月明かりが屋上を照らしていた、誰もいないようだがまだ安心できない。物陰に隠れているかもしれないのだ。
周囲を警戒しながら屋上の中心までやってきた。
それでも奴は俺の前に姿を現そうとしない。
「いつまで隠れてるんだ。いったい何のつもりなんだ」
返事はない。
物音もしない。
あまりにも静寂が続くので、本当に何も聞こえてないのか、それとも微かな物音が聞こえているのか区別がつかないくらいだ。
ふと周囲が急に暗くなった。空を見上げると月が雲に隠れたようだ。
視界がほとんど見えなくなった。月が、それも満月がどれだけ明るかったかをやっと思い知らされる。
ここにきて初めて冷や汗をかいた。
奴が何者か分からなければ、目的も分からない、今にも襲い掛かってくるのではないか。
鼓動が早まっていく。
俺が懐中電灯に手をかけたとき、大きな風が吹いた。
その風は、俺にとって忘れることができない香りを俺の鼻腔へと運んだ。
ハーブの匂い、薬草の匂い、そしてそれは新しい神である妹杏理が常日頃つけている香水の匂いだった。

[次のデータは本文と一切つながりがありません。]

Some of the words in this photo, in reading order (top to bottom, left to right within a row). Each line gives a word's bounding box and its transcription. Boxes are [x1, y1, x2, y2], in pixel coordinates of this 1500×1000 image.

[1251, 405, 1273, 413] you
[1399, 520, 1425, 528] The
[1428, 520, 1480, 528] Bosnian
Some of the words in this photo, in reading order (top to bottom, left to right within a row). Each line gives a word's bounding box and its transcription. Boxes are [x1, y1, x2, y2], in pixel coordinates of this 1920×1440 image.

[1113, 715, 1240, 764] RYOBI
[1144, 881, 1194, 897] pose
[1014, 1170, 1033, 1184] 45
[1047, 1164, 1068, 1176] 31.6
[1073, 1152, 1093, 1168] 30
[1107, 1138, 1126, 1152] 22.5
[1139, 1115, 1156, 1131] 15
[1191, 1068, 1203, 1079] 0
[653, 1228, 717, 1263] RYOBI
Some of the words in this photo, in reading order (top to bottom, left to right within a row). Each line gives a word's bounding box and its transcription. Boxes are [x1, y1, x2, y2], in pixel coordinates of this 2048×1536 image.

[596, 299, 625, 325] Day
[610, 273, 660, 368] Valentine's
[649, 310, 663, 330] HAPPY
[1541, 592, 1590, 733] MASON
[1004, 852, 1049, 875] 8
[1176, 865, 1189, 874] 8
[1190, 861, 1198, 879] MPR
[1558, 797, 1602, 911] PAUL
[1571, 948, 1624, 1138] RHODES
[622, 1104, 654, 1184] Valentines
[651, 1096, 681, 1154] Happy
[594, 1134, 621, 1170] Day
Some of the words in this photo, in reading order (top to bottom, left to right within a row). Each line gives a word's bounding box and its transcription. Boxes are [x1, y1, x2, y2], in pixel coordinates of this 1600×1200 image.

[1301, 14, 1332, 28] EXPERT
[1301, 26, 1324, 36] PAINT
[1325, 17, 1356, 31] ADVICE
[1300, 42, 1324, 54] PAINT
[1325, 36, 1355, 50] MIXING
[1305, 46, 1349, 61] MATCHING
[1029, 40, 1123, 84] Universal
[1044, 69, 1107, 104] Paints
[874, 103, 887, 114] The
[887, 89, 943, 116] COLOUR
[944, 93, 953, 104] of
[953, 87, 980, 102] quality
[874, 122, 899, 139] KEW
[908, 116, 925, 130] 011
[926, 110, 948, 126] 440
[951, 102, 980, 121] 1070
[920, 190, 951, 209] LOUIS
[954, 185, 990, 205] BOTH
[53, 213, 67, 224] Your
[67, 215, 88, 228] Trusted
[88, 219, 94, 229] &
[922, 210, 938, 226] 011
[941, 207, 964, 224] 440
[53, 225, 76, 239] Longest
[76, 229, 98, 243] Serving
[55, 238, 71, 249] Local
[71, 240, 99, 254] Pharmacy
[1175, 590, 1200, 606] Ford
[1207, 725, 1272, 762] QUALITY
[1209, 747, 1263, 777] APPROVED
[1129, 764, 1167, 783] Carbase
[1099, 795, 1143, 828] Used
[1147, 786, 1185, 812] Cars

杏理は昔からハーブや薬草の類に興味を持っていたが、神になってからは、自らそれを栽培して、その成分を蒸留するまでになった。
これは確かに杏理の薬草の匂いだった。
ニガヨモギを中心に、ヨモギ、タイム、セージ、イヌハッカ、ローズマリーを調合した特性の香水だ。
周囲が急に明るくなる。
おそらく月が再び現れたのだろう。
それと同時に、カタッという音が後ろからした。その方向は、屋上の扉がある方だ。
振り向くとそこにはアロマキャンドルが灯っていた。
「杏理、お前なのか?」
杏理は人を驚かせるのが好きだからもしかすると、そんな期待が俺をよぎった。
彼女は大神殿の神官たちを驚かせたいがために、夜中に大神殿の窓ガラスをすべて割ってしまったことがある。そうして、驚き戸惑う神官たちを見てクスクスと笑うのも彼女の一面であるのだ。
「もう十分楽しんだだろう。いい加減に出てきてくれ」
返事の代わりに校庭から物音がしたので、俺は屋上の端から校庭を見下ろした。
うっすらとではあるが、そこには信じられないものがあったのだ。
「杏理!」
と、思わず俺は叫んでしまった。
校庭には白い粉──おそらく消石灰で巨大な杏理の自画像が描かれていたのだ。
俺が驚いて腰を抜かして、屋上に座り込むと物陰から人影が現れた。
その少女は近くまでやってきて、親しげに言った。
「やっぱ兄さんも来てたのですね。せっかくなので少しいたずらをしちゃいました」
俺は少女の顔をまじまじと見てこう言った。
「誰だ!」
「誰って……」
少女は、はにかみながらにそう呟いた。
気づくと俺の鼓動はどんどんと高鳴っていった。
「私は兄さんのかわいいかわいい妹ですよ」
「妹!?」
その瞬間、確かに思い出した。
彼女は俺の妹だ。
会うたびに妹であることを忘れ一目ぼれしてしまうほどの美貌を兼ね備えた、新しい神である妹杏理がそこに立っていたのだ。